*** Begin section ***

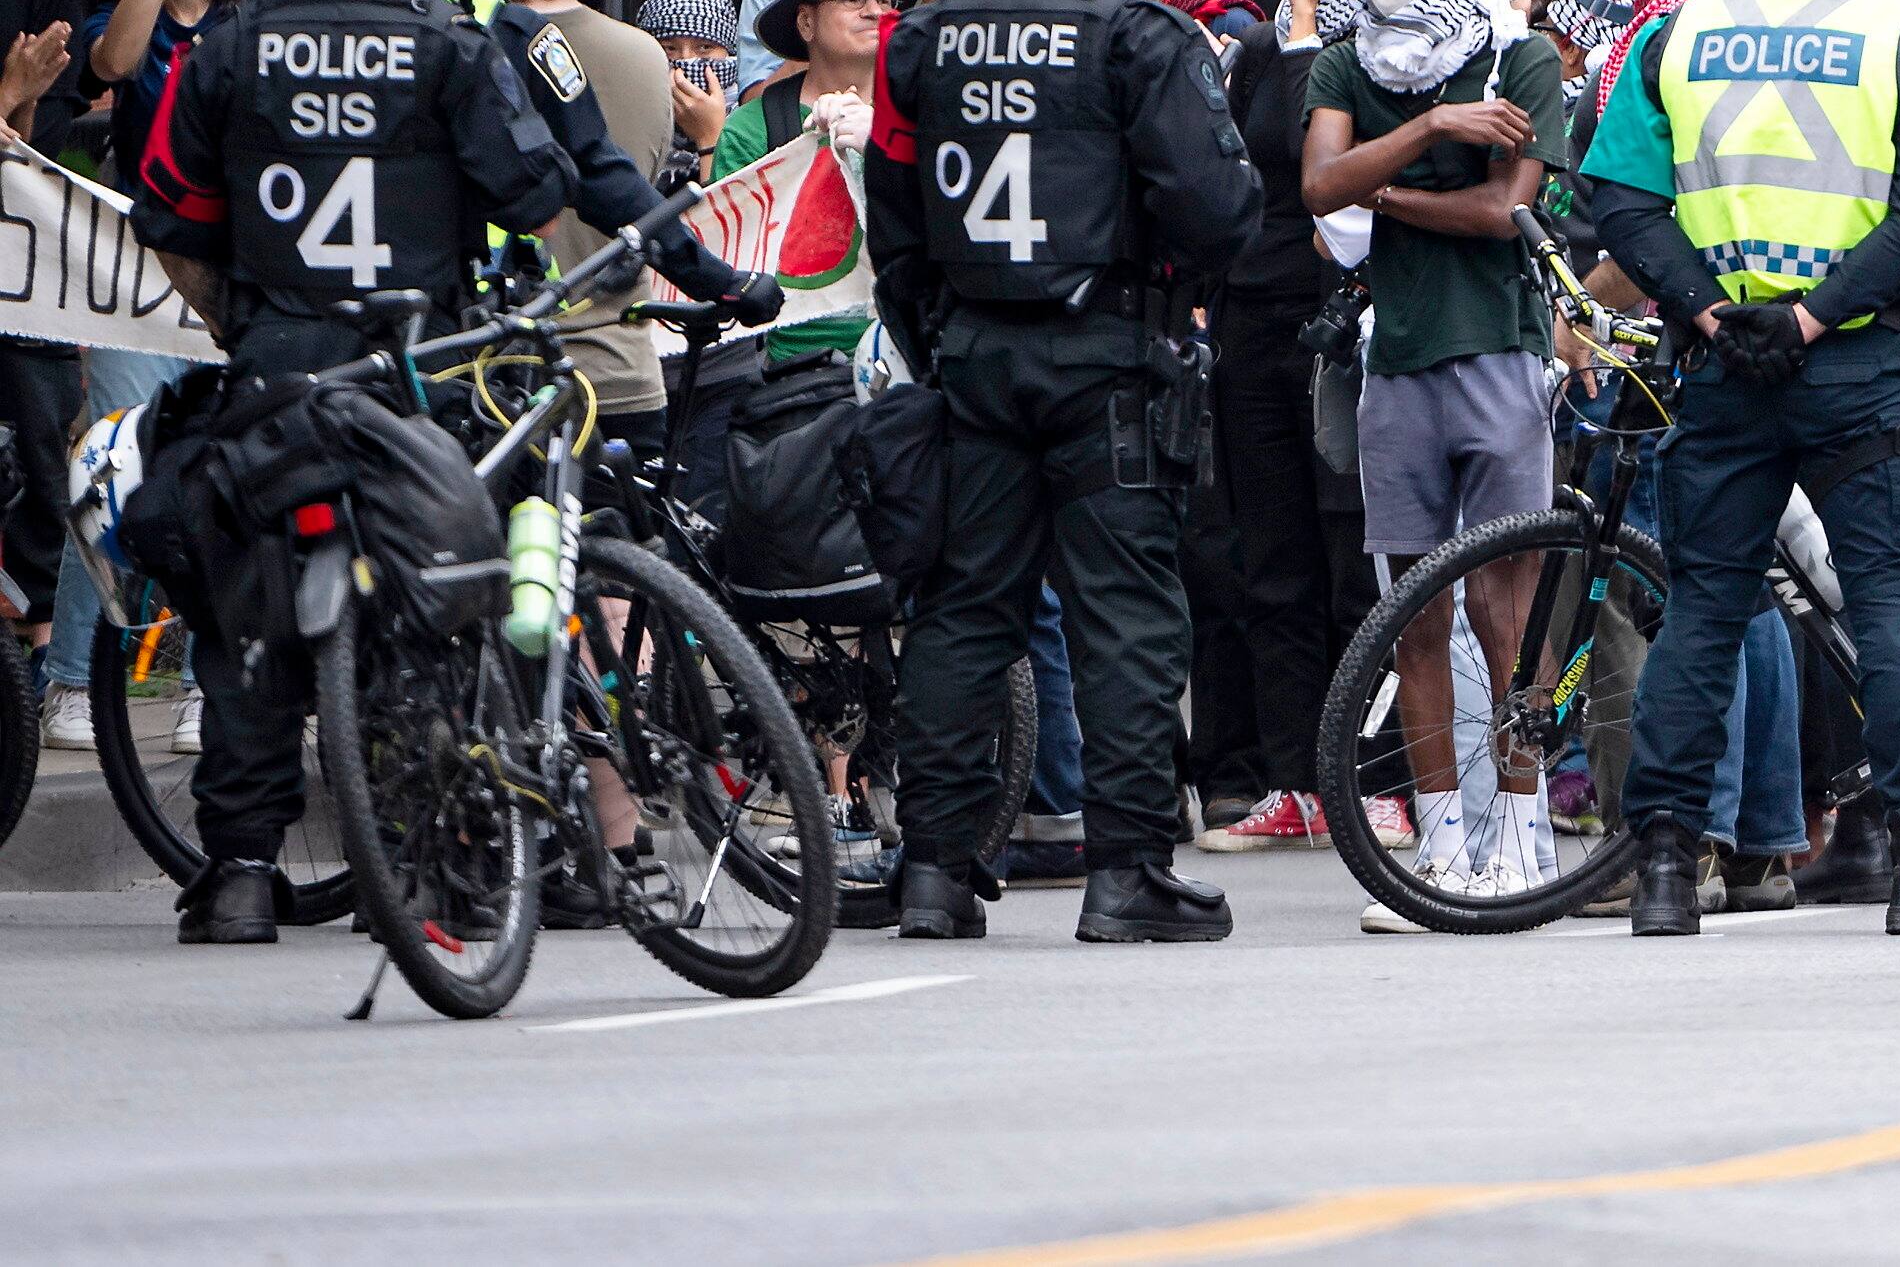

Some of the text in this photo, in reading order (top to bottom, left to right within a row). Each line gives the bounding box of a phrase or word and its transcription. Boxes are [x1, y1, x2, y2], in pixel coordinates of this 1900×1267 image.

[258, 32, 415, 80] POLICE
[936, 22, 1077, 67] POLICE
[1699, 32, 1849, 77] POLICE
[289, 91, 376, 137] SIS
[961, 79, 1037, 124] SIS
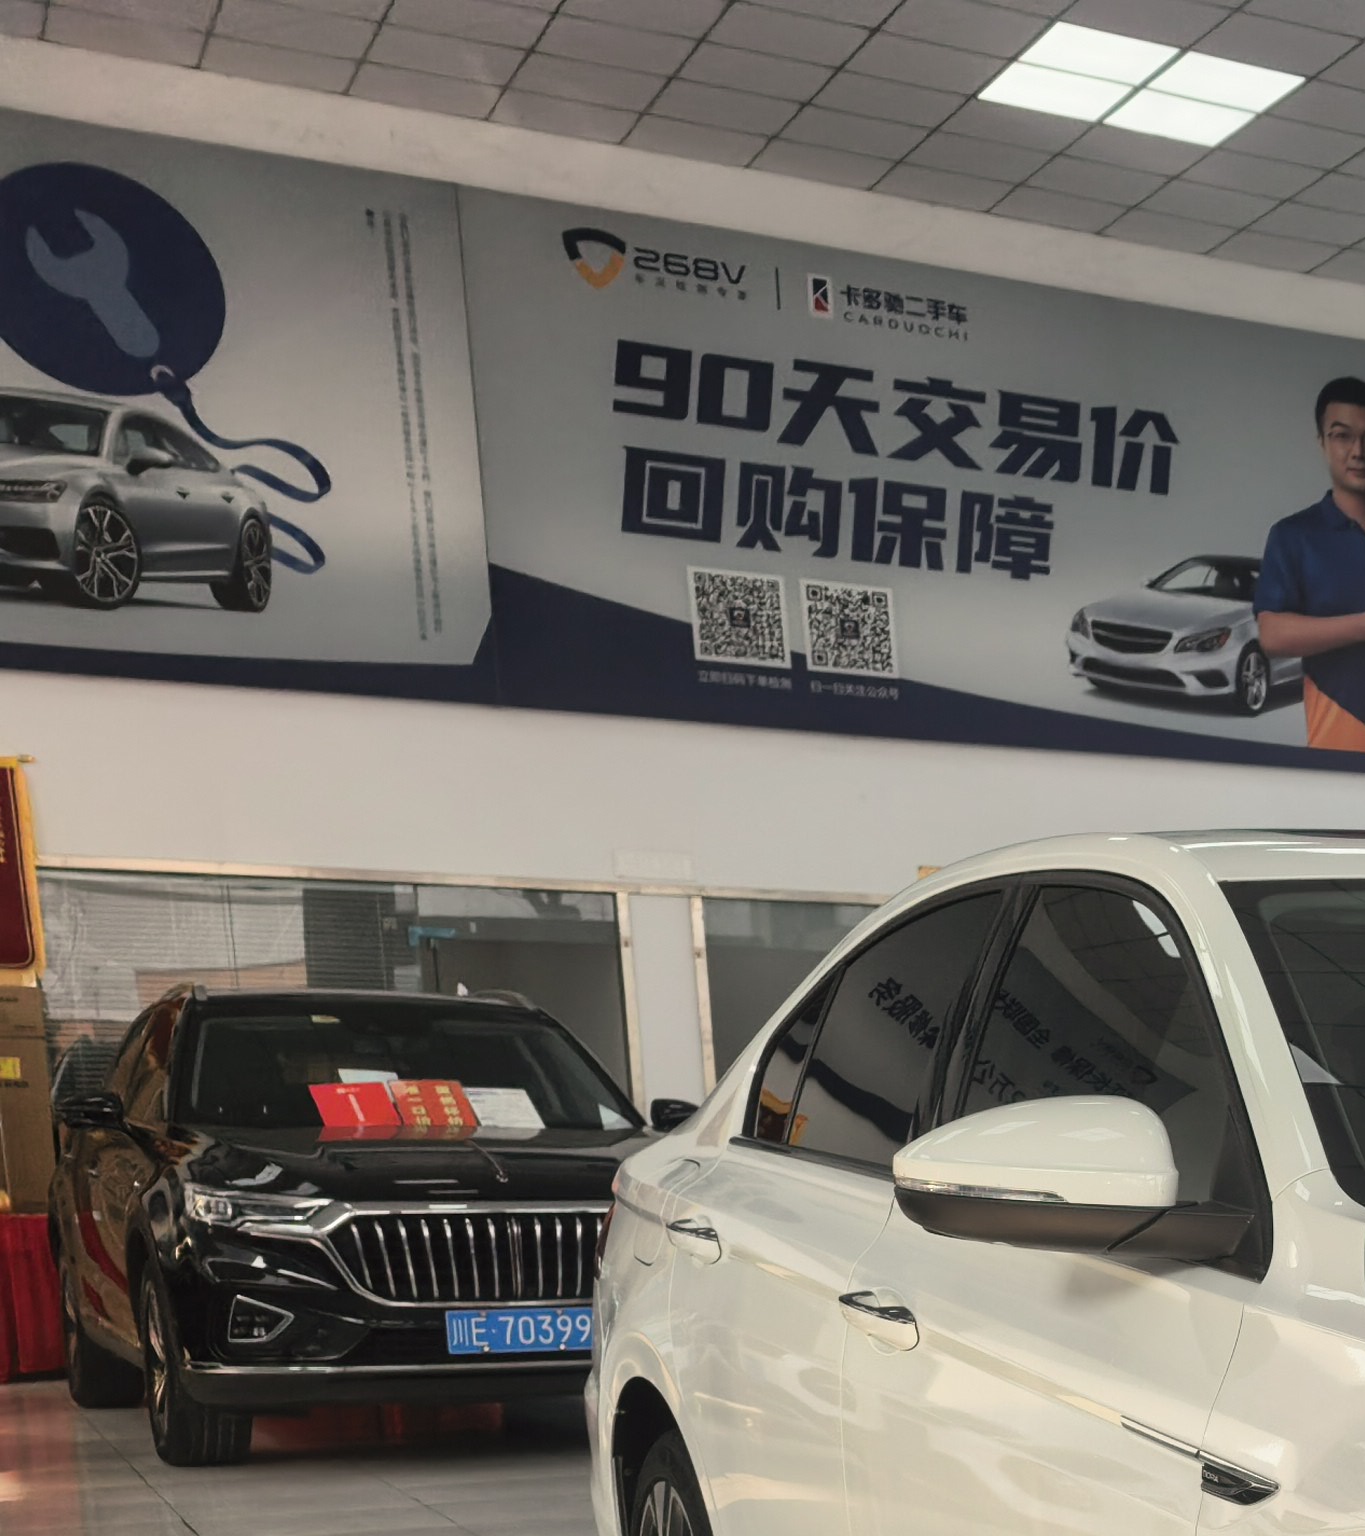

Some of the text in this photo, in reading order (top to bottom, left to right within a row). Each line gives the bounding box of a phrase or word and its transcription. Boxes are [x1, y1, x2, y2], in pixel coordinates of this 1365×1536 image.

[633, 247, 746, 284] 268V
[840, 284, 968, 324] 卡多驰二手车
[612, 339, 1180, 496] 90天交易价
[621, 446, 1056, 581] 回购保障
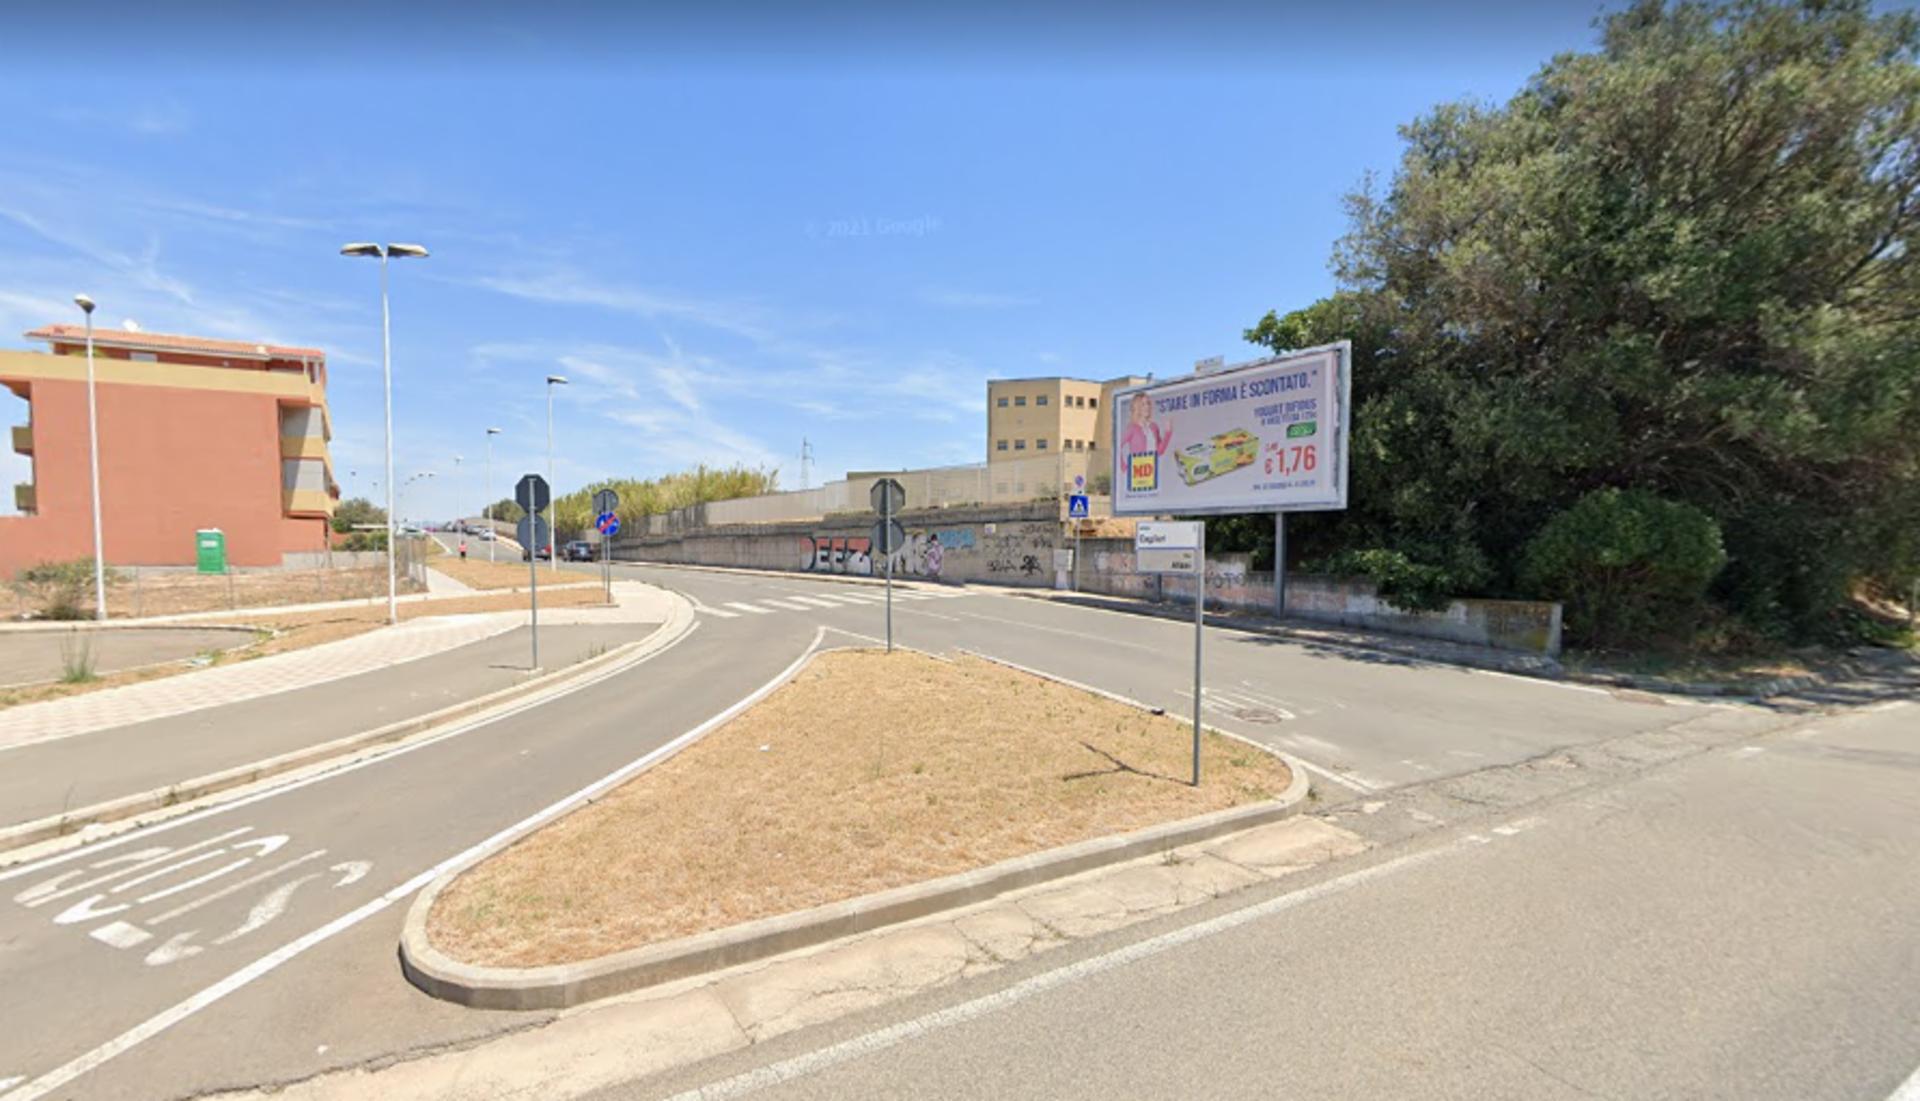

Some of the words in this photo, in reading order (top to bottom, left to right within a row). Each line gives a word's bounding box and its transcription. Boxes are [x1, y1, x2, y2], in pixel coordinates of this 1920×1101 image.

[1202, 386, 1237, 406] FORMA
[1133, 463, 1153, 478] MD
[1276, 445, 1316, 476] 1,76

*** End section ***

- _What needs to be done_
Leave out the pictures, and please output only the lines from the line that contains "this 1365×1536 image." through the end of the data, both ends included.

- _Written solution_
Some of the text in this photo, in reading order (top to bottom, left to right within a row). Each line gives the bounding box of a phrase or word and its transcription. Boxes are [x1, y1, x2, y2], in pixel coordinates of this 1365×1536 image.

[633, 247, 746, 284] 268V
[840, 284, 968, 324] 卡多驰二手车
[612, 339, 1180, 496] 90天交易价
[621, 446, 1056, 581] 回购保障

Some of the words in this photo, in reading order (top to bottom, left to right within a row). Each line gives a word's bounding box and its transcription. Boxes are [x1, y1, x2, y2], in pixel coordinates of this 1920×1101 image.

[1202, 386, 1237, 406] FORMA
[1133, 463, 1153, 478] MD
[1276, 445, 1316, 476] 1,76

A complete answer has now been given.